Records drawn from a dataset
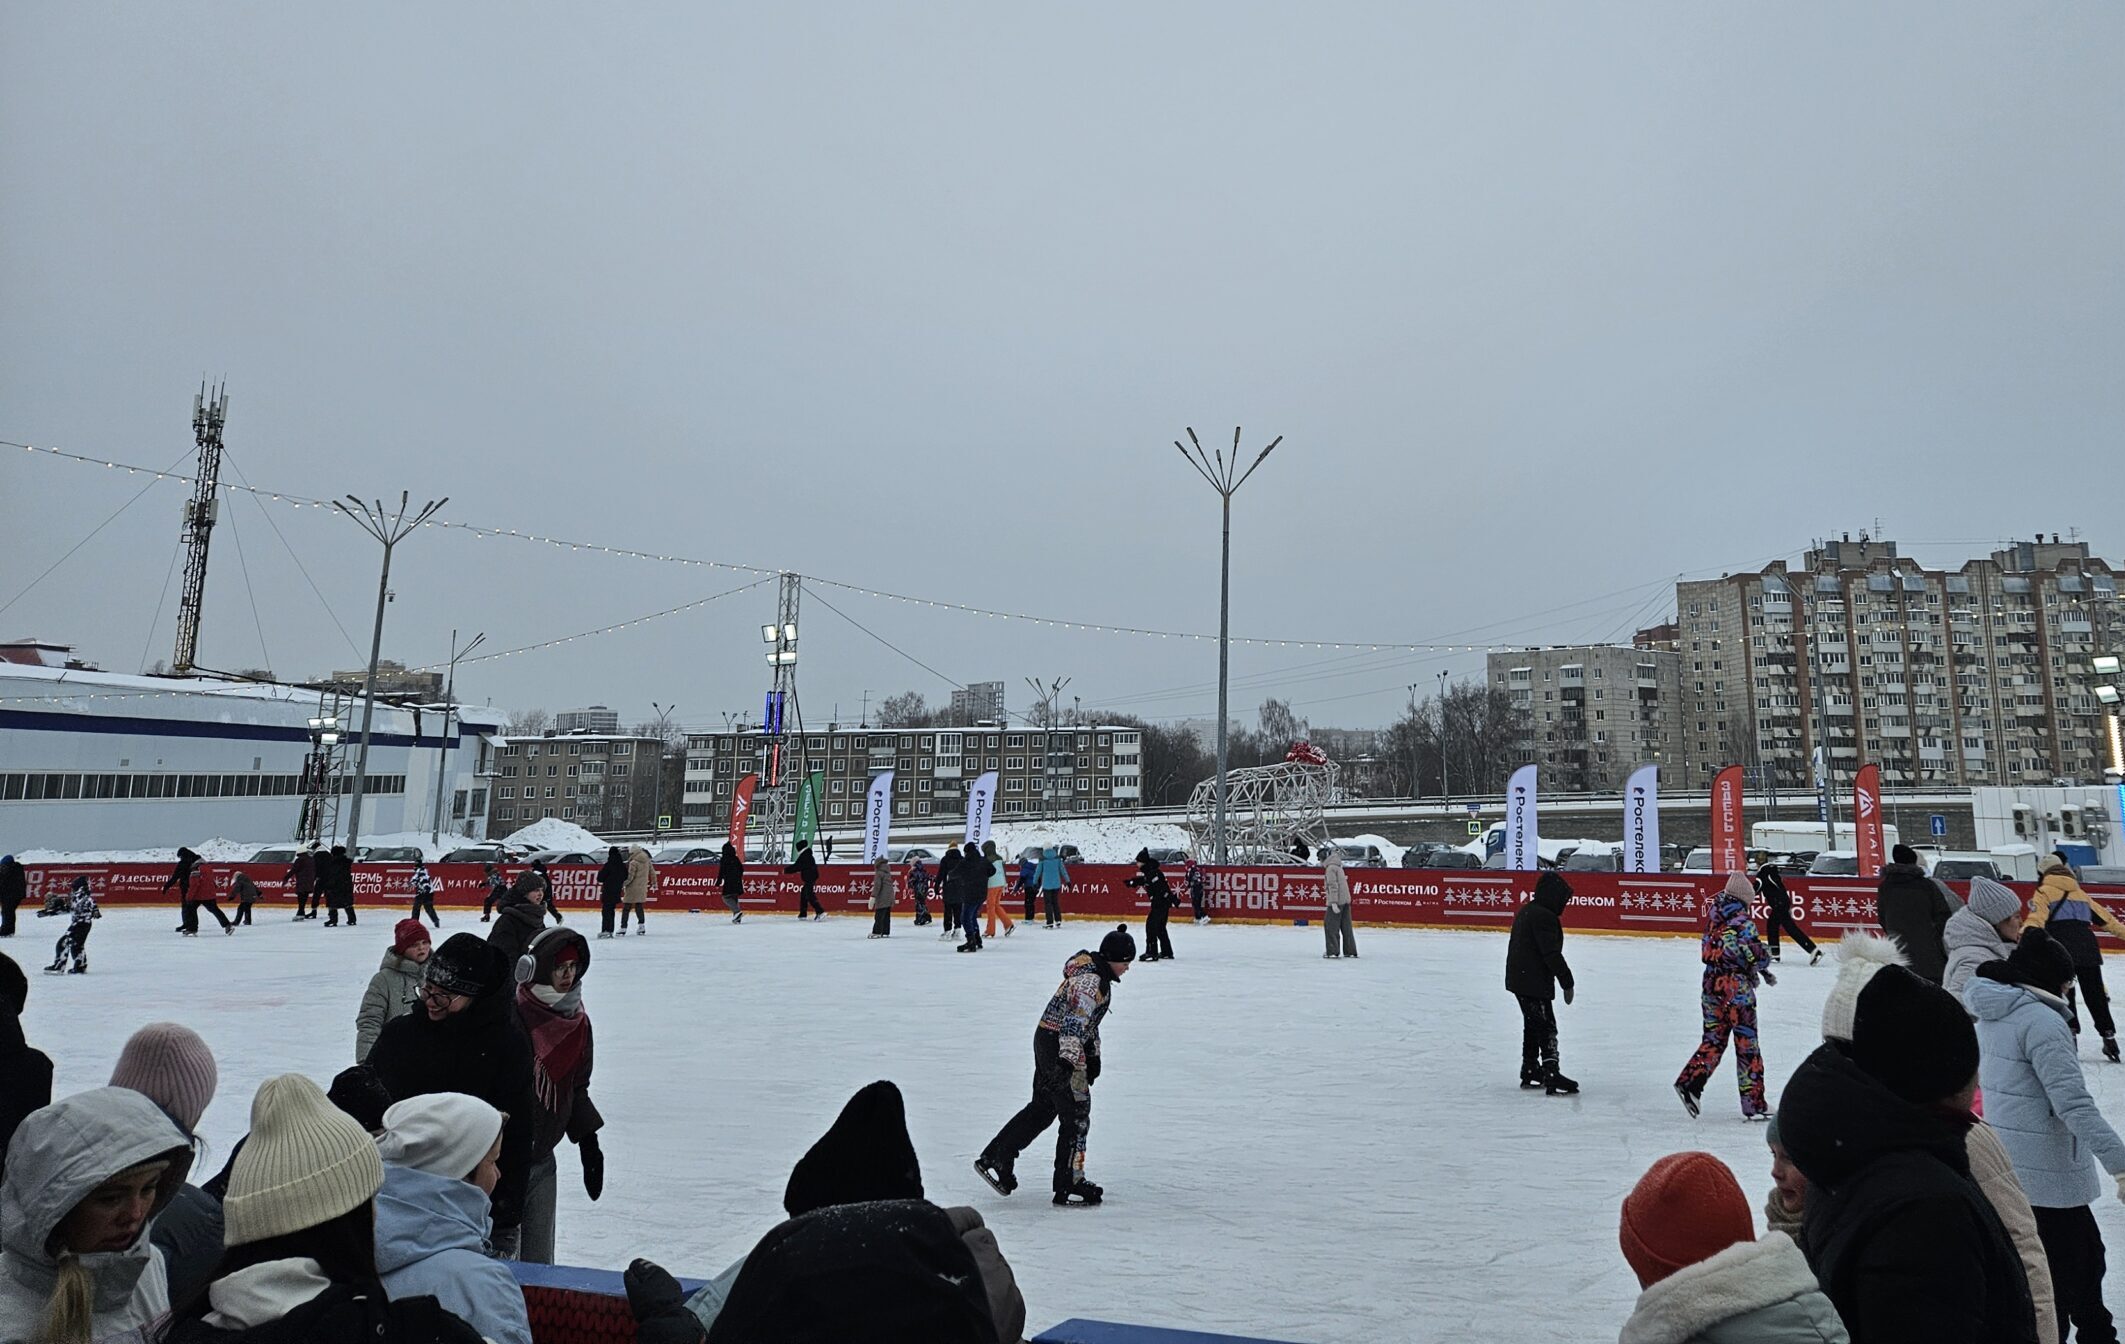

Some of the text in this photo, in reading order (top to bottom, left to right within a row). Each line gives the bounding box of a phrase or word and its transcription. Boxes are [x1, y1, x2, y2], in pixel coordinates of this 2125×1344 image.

[871, 799, 883, 864] Ростелек
[973, 798, 985, 850] Ростел
[1721, 781, 1736, 875] ЗДЕСЬ ТЕП
[1515, 796, 1525, 871] Ростелеко
[1634, 797, 1645, 873] Ростелеко
[1867, 823, 1881, 877] МАГМ
[111, 873, 169, 884] #здесьтеп
[253, 880, 283, 889] елеком
[551, 869, 604, 885] ЭКСП
[1203, 872, 1279, 891] ЭКСПО
[352, 883, 382, 894] КСПО
[786, 882, 845, 893] Рослеком
[1061, 883, 1109, 894] МАГМА
[1353, 882, 1439, 896] #здесьтепло
[1201, 890, 1279, 910] КАТОК
[1529, 891, 1615, 907] Рлеком
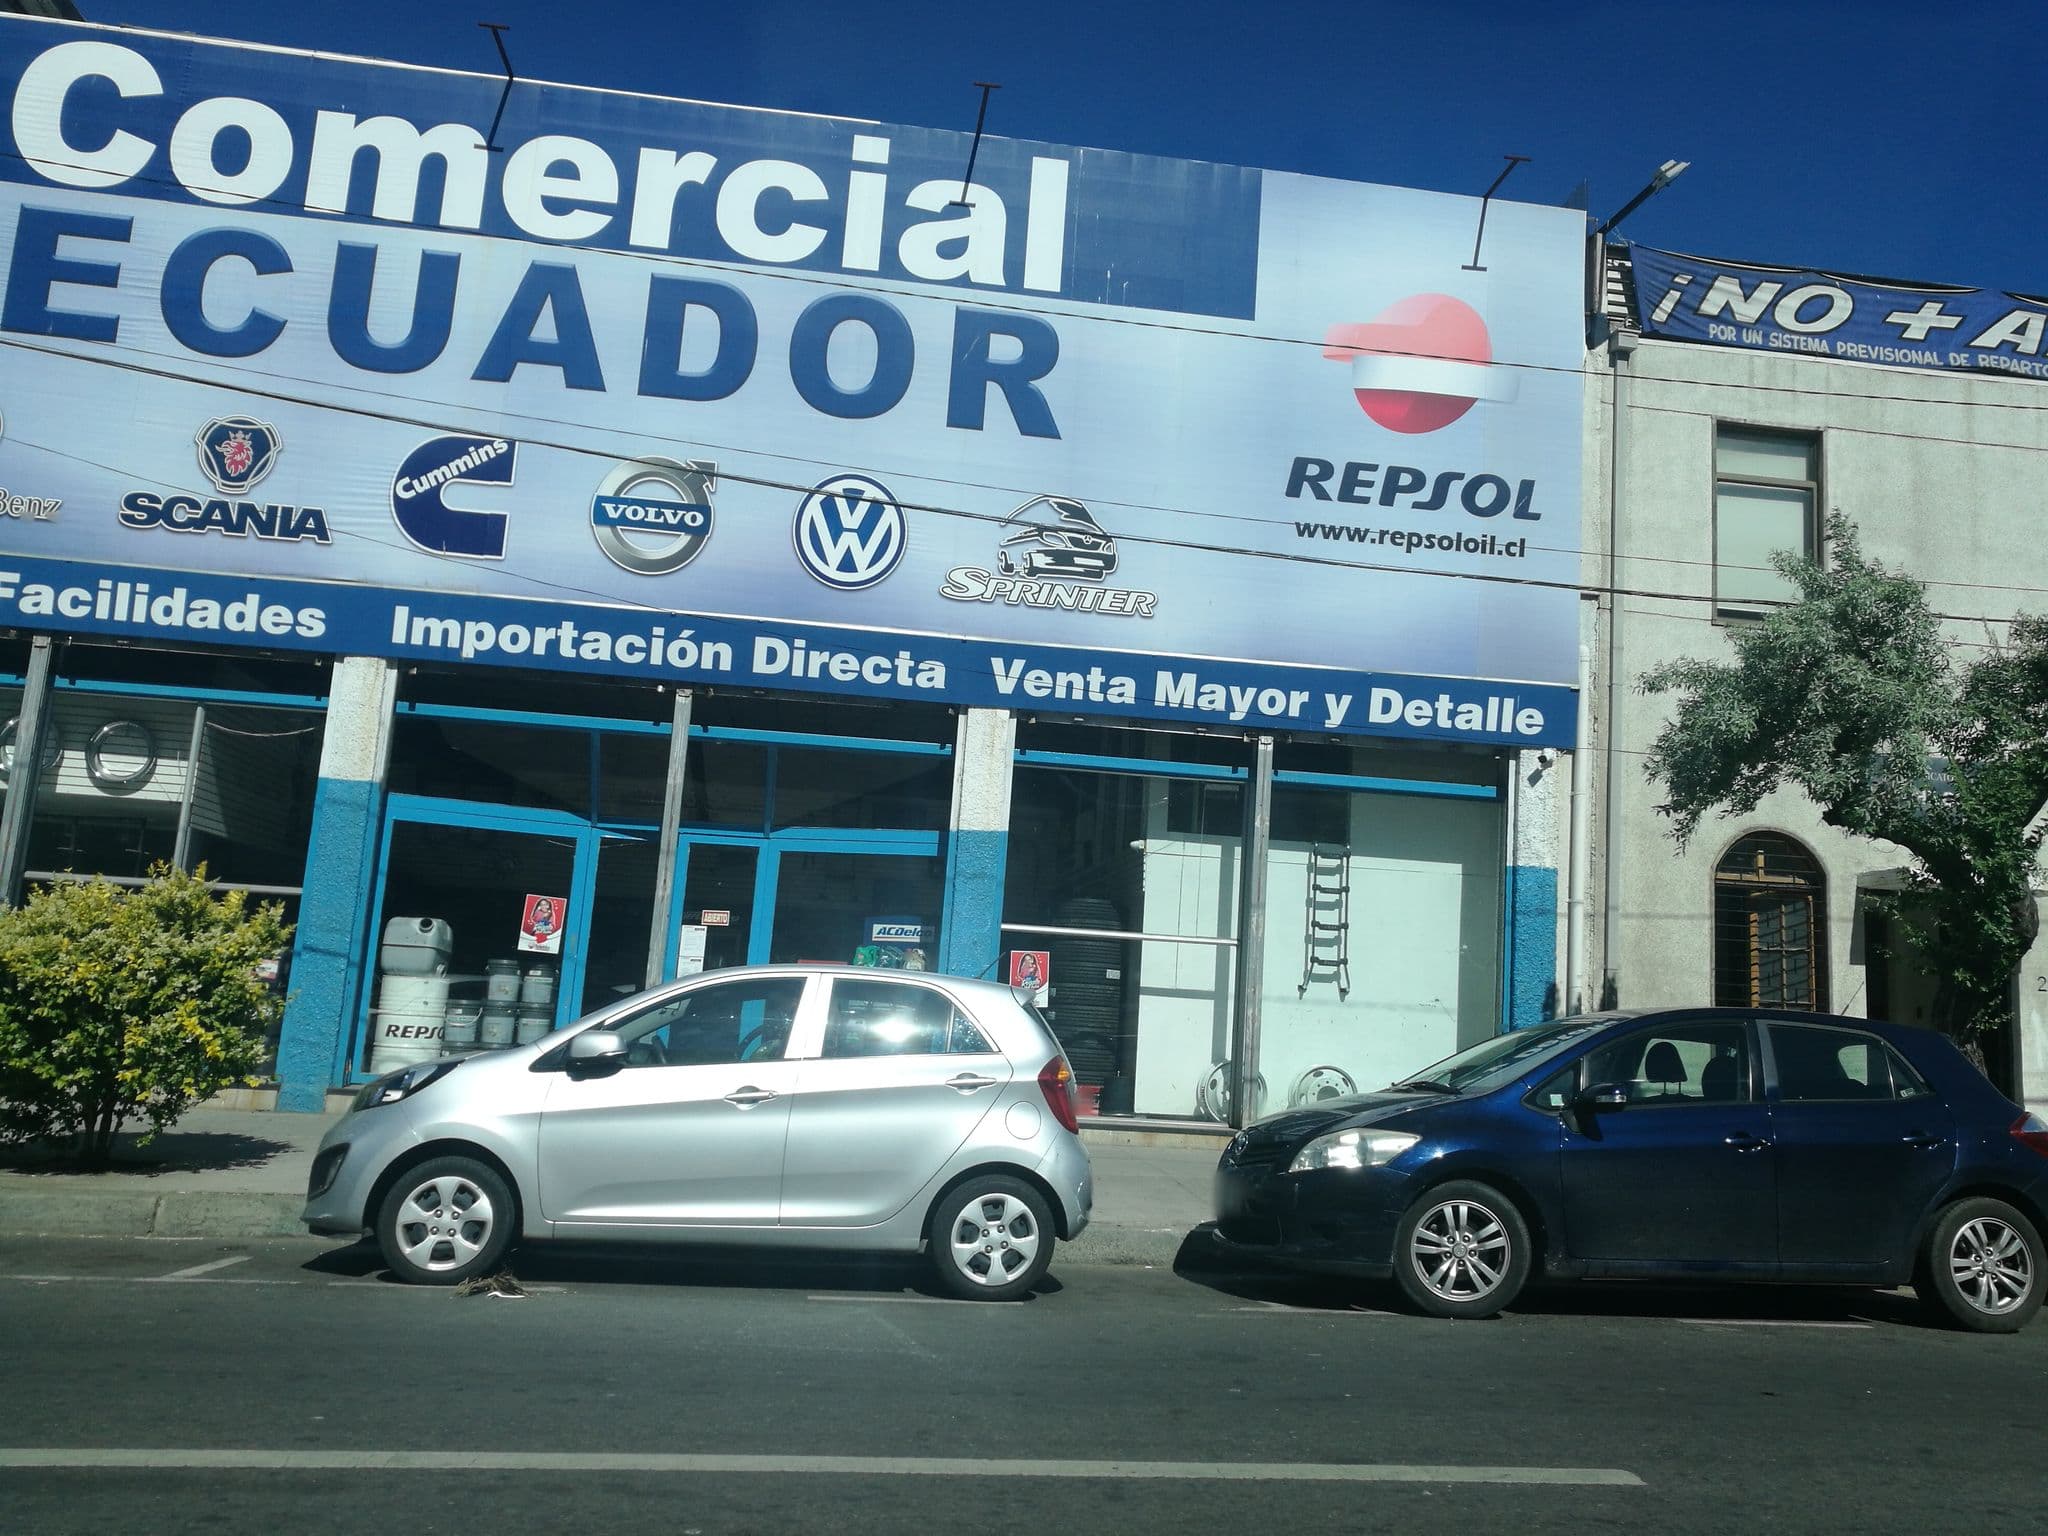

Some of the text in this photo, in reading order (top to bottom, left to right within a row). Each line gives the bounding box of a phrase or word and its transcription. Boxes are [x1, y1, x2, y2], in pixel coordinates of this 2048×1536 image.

Task requirements —
Would you return the data above exactly as written, minus the images?

Answer section —
Some of the text in this photo, in reading order (top to bottom, left to right within a row). Each line gives the bounding box of a phrase or word and its transcription. Boxes are [x1, y1, x2, y2], in pixel coordinates of this 2125×1344 image.

[871, 799, 883, 864] Ростелек
[973, 798, 985, 850] Ростел
[1721, 781, 1736, 875] ЗДЕСЬ ТЕП
[1515, 796, 1525, 871] Ростелеко
[1634, 797, 1645, 873] Ростелеко
[1867, 823, 1881, 877] МАГМ
[111, 873, 169, 884] #здесьтеп
[253, 880, 283, 889] елеком
[551, 869, 604, 885] ЭКСП
[1203, 872, 1279, 891] ЭКСПО
[352, 883, 382, 894] КСПО
[786, 882, 845, 893] Рослеком
[1061, 883, 1109, 894] МАГМА
[1353, 882, 1439, 896] #здесьтепло
[1201, 890, 1279, 910] КАТОК
[1529, 891, 1615, 907] Рлеком

Some of the text in this photo, in reading order (top to bottom, left to right within a row). Each line gives the bounding box of a phrase or word and its transcription. Boxes are [x1, y1, x2, y2], in pixel coordinates of this 2048×1536 image.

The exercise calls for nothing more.